The social and political developments of recent years have once again brought questions of gender, sexuality, and intersectional inequality in Central, Southeastern, and Eastern Europe, as well as in East Germany, to the forefront of public and academic debates. This development has been accompanied by growing attention to the diversity of gender-related lived realities, to processes of social transformation, and to new theoretical and empirical approaches within gender studies.

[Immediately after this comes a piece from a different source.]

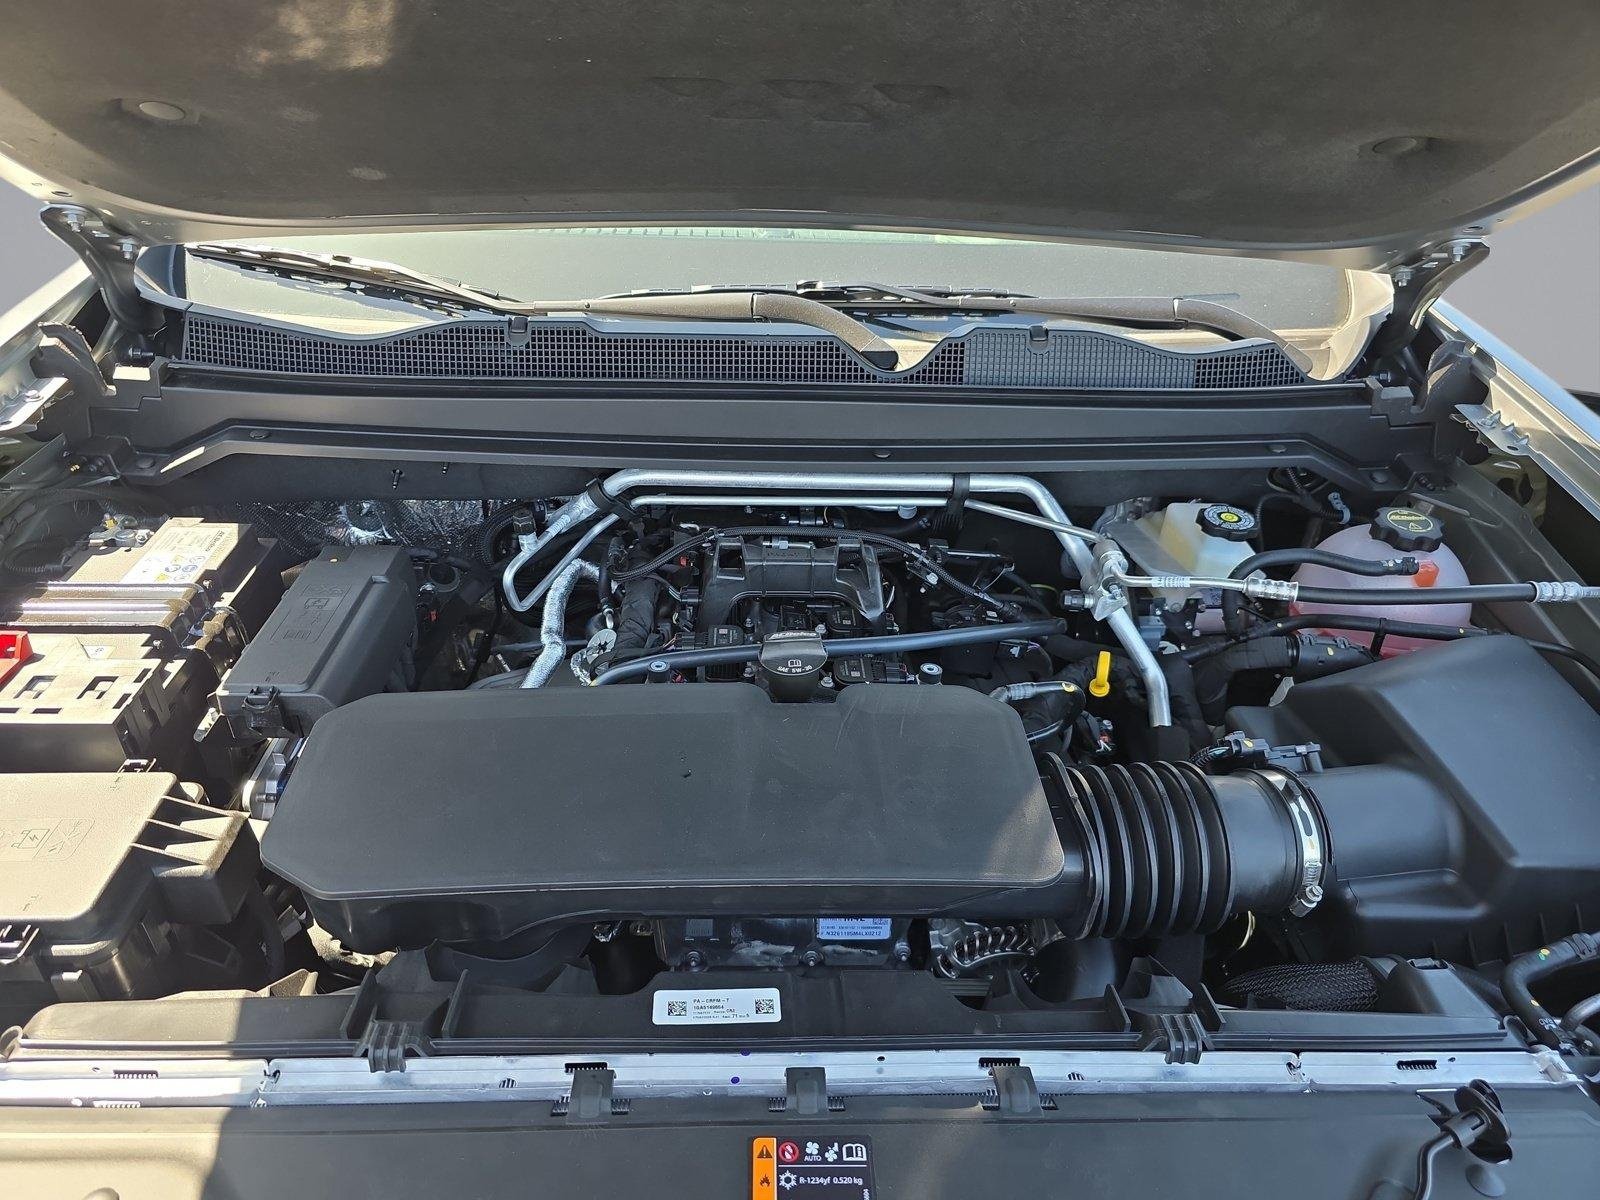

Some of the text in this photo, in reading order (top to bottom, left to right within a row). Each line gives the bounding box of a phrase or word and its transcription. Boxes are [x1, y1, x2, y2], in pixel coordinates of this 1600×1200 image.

[777, 665, 789, 673] SAE
[799, 1176, 831, 1184] R-1234yf
[853, 1176, 863, 1186] kg
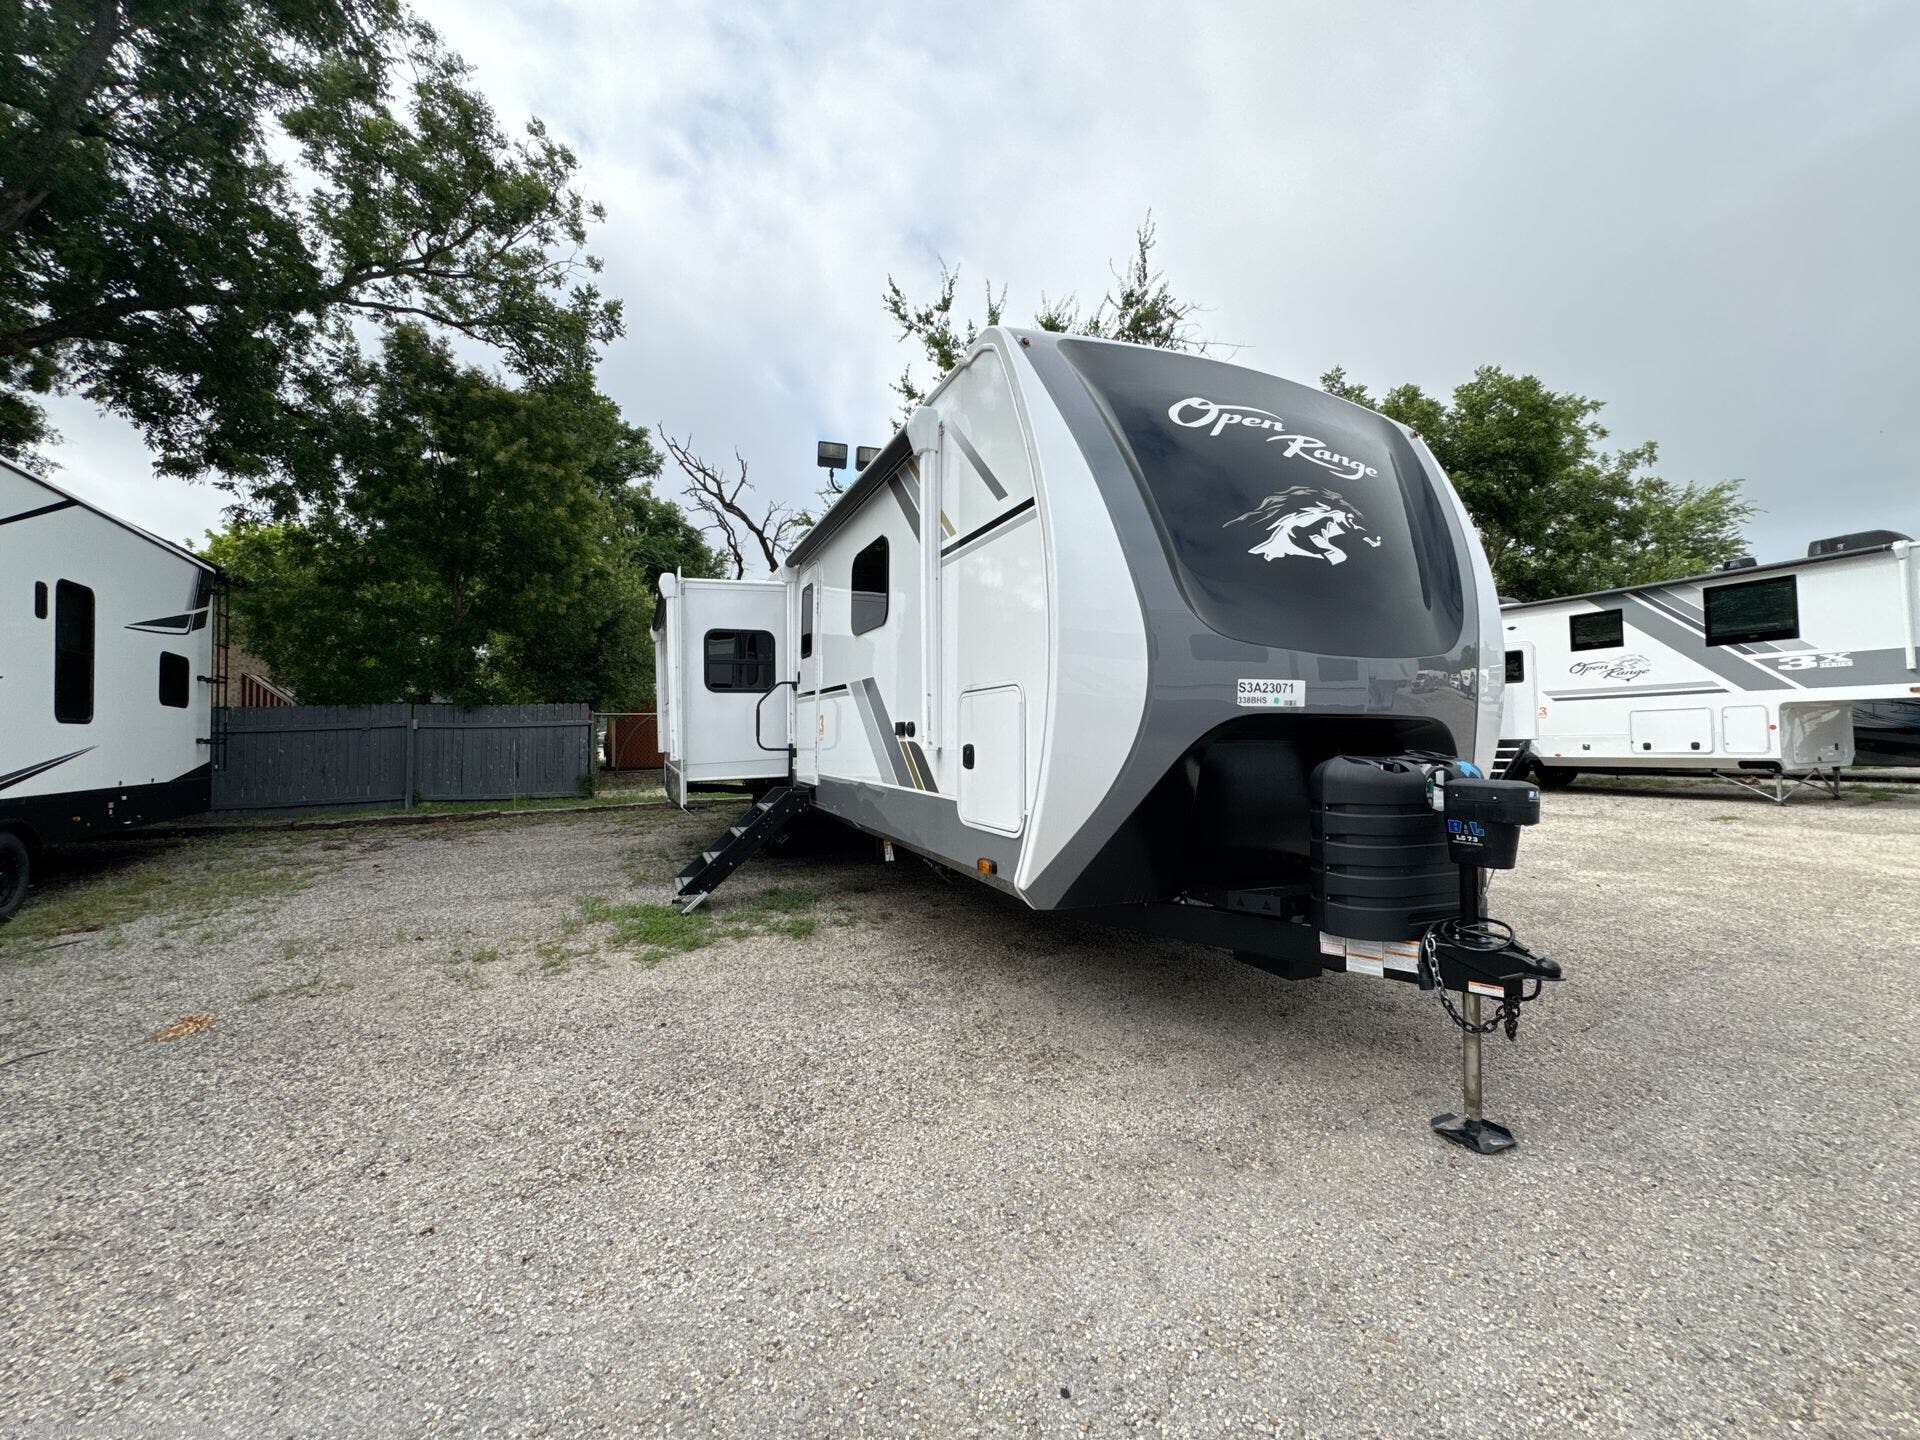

Across Europe, increasingly strong authoritarian tendencies can be observed, and Eastern Europe is no exception. In recent years, women’s and gender studies in particular, as well as achievements in gender equality, policy, and law, have become targets of political attacks. A prominent example is Hungary, where the accreditations of gender studies degree programs were revoked by a government decree in 2018, and the Central European University moved its main campus from Budapest to Vienna. The delegitimization of gender-related research is often merely the entry point for a broader delegitimization of critical knowledge production. Gender equality policies, women’s rights, and the rights of lesbian, gay, bisexual, trans*, intersex*, and queer (LGBTQI*) individuals are also under considerable pressure to justify their legitimacy in various countries. In Hungary, adoption by same-sex couples was banned in 2020. In Poland, some municipalities and local politicians have called for LGBTQI-free zones, and a far-reaching abortion ban has been implemented. In Slovakia, the government has decided to recognize only two genders.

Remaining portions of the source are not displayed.